Der/die Bürger:innenmeister:innenkandidat:innenanwärter:innen?

Gendern ist ein heißes Thema, bei dem oft zwei Welten aufeinander prallen. Die einen möchten künftig mehr auch die weibliche Form betonen, das andere Lager weist darauf hin, dass Sprache mit Sternchen, Doppelpunkten oder Großbuchstaben mitten im Wort schwerer wird. Die Argumente und die Absichten beider Seiten sind durchaus verständlich und nachvollziehbar.

Als Online-Verantwortlicher hat man aber durchaus mehrere Aspekte zu berücksichtigen – unabhängig von der eigenen Einstellung zu Genderschreibweisen.

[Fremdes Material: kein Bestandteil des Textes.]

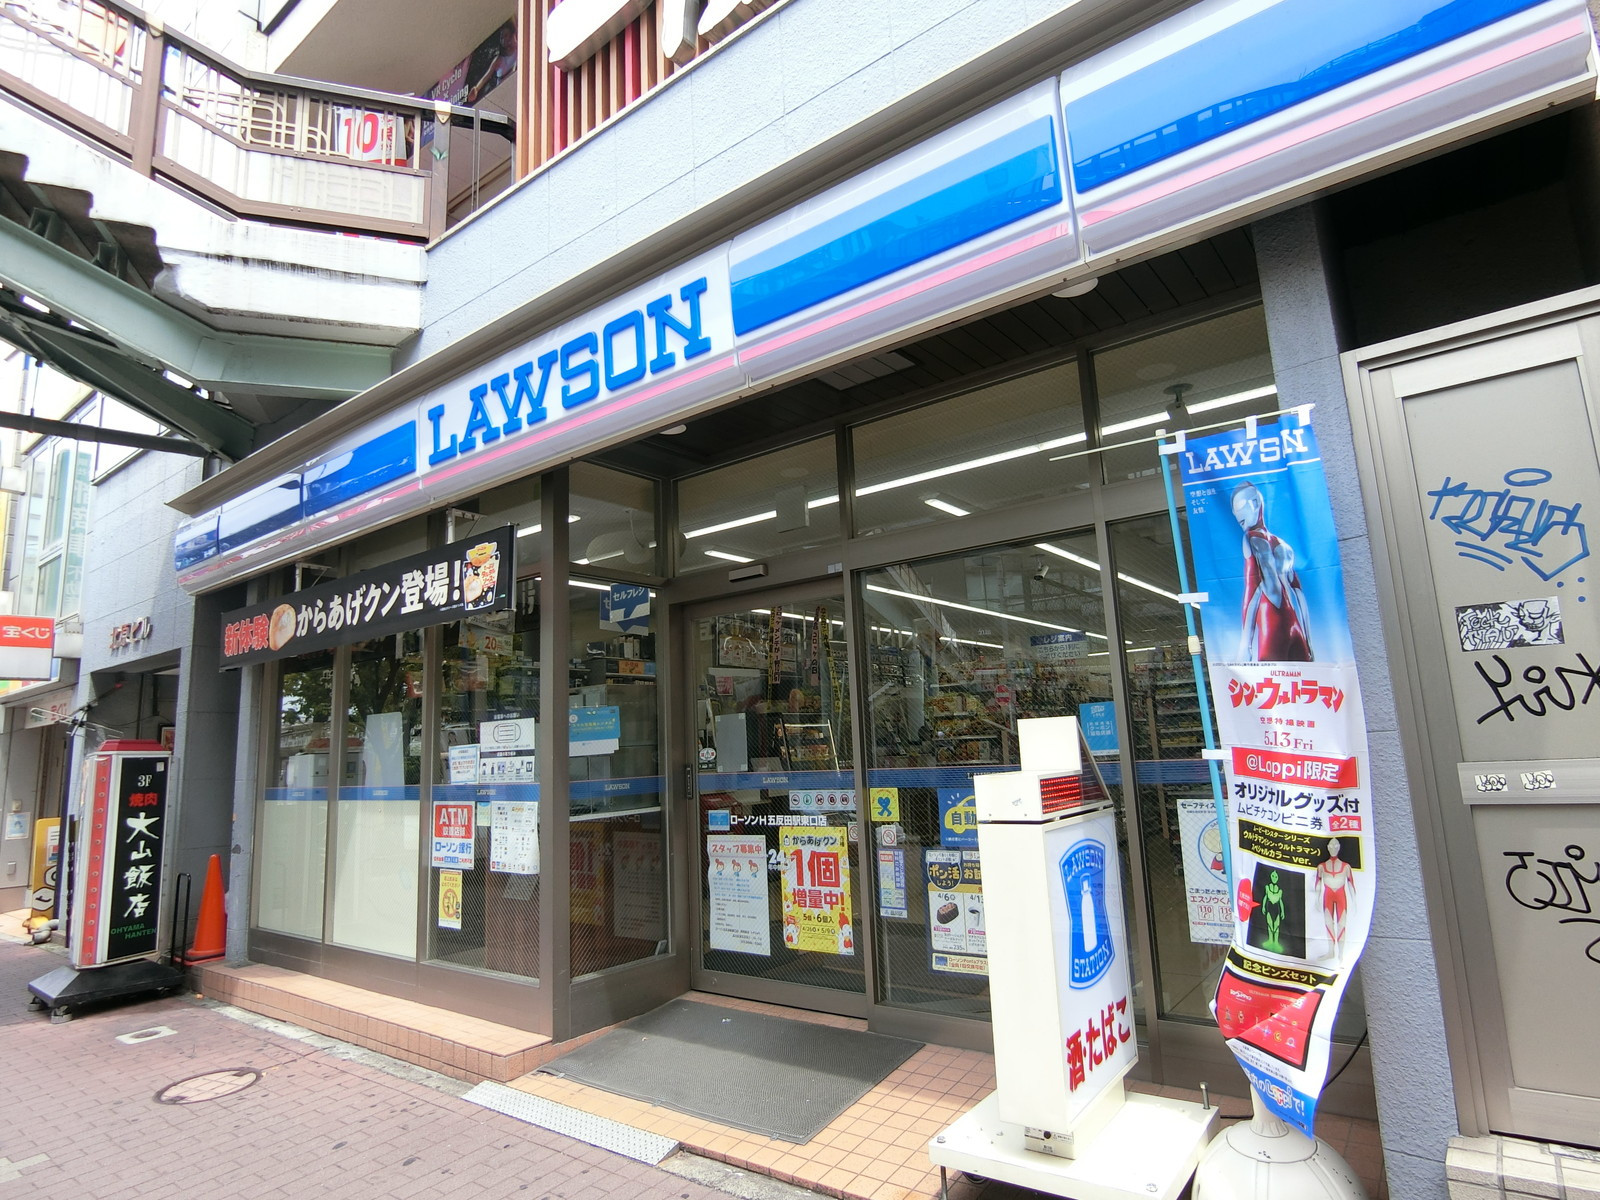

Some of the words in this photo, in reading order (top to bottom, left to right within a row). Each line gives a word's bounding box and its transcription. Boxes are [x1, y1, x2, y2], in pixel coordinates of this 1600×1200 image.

[428, 277, 711, 466] LAWSON
[1185, 428, 1309, 475] LAWSN
[612, 586, 645, 602] セルフレジ
[223, 612, 270, 657] 新体験
[296, 559, 462, 638] からあげクン登場!
[2, 624, 51, 640] 宝くじ
[1259, 716, 1315, 728] 空想特撮映画
[1264, 731, 1291, 748] 5.13
[1294, 738, 1313, 750] Fri
[1246, 754, 1340, 783] @Loppi限定
[137, 774, 153, 787] 3F
[1234, 782, 1360, 814] オリジナルグッズ付
[439, 807, 468, 826] ATM
[1237, 802, 1323, 831] ムビチケコンビニ券
[1331, 816, 1360, 830] 全2種
[434, 842, 472, 855] ローソン銀行
[712, 844, 762, 855] スタッフ募集中
[791, 836, 838, 847] からあげクン
[123, 812, 161, 919] 大山飯店
[790, 849, 841, 888] 1個
[1064, 849, 1103, 883] LAWSON
[1292, 855, 1312, 865] ver.
[929, 864, 960, 880] ポン活
[791, 887, 846, 912] 増量中!
[1199, 906, 1212, 914] 110
[110, 923, 145, 936] OHYAMA
[125, 928, 157, 940] HANTEN
[1074, 940, 1109, 978] STATION
[1243, 959, 1317, 984] 記念ピンズセット
[1065, 996, 1131, 1093] 酒・たばこ

Ist Text schwerer zu lesen und sinkt damit die Motivation, Content auf Webseiten zu konsumieren? Die Wissenschaft sagt hierzu recht eindeutig Ja. Wer sich mit dem Vorgang des Lesens und dem Zusammenspiel von Auge und Gehirn beschäftigt hat, kann das leicht nachvollziehen. Das Auge fixiert jeweils nur zwei bis drei Buchstaben, dann springt es (Sakkade genannt) fünf bis sechs Buchstaben weiter und nimmt dann erneut wieder nur wenige Buchstaben wahr. In der Sakkade, also beim Sprung mit dem Blickfokus, sind wir „blind“, d. h., die übersprungenen Buchstaben erkennen wir nicht. Vereinfacht erklärt entstehen im Kopf beim schnellen Lesen nur Muster von Wörtern, die mit den bekannten/gelernten Wörtern abgeglichen werden. Stoßen wir auf komplizierte oder unbekannte Wörter, springt das Auge nach einer Sakkade wieder ein paar Buchstaben zurück und macht die Sprünge damit kleiner, häufiger – und das kostet Energie und Zeit. Ein Beispiel:

BEREITS EIN SATZ MIT GROSSBUCHSTABEN ZEIGT, DASS MAN DIESEN NUR SEHR VIEL SCHWIERIGER ERFASSEN KANN, WEIL DIE MUSTER UNGEWOHNT SIND. Und noch mal normal:

Bereits ein Satz mit Großbuchstaben zeigt, dass man diese sehr viel schwieriger erfassen kann, weil die Muster ungewohnt sind.

Welcher Text ist schneller lesbar, weil er den gelernten Mustern entspricht? Wenn Sie liebe(r) Leser(in) nun bedenken, dass BesucherInnen und potenzielle Kund*innen Ihrer Website häufiger beim Lesen stolpern, länger brauchen und wahrscheinlich deswegen früher abbrechen, weil es anstrengend(er) ist – ist das zielführend für Sie?     

Ein weiterer Umstand ist, dass Google bisher noch Probleme hat, die neuen Worte zu verstehen. Der/die Zahnärzt/-innen ist für die Maschine etwas anderes als ein Zahnarzt oder eine Zahnärztin. Demensprechend kann es sein, dass man sich selbst für wichtige Suchbegriffe aus dem Ranking kegelt.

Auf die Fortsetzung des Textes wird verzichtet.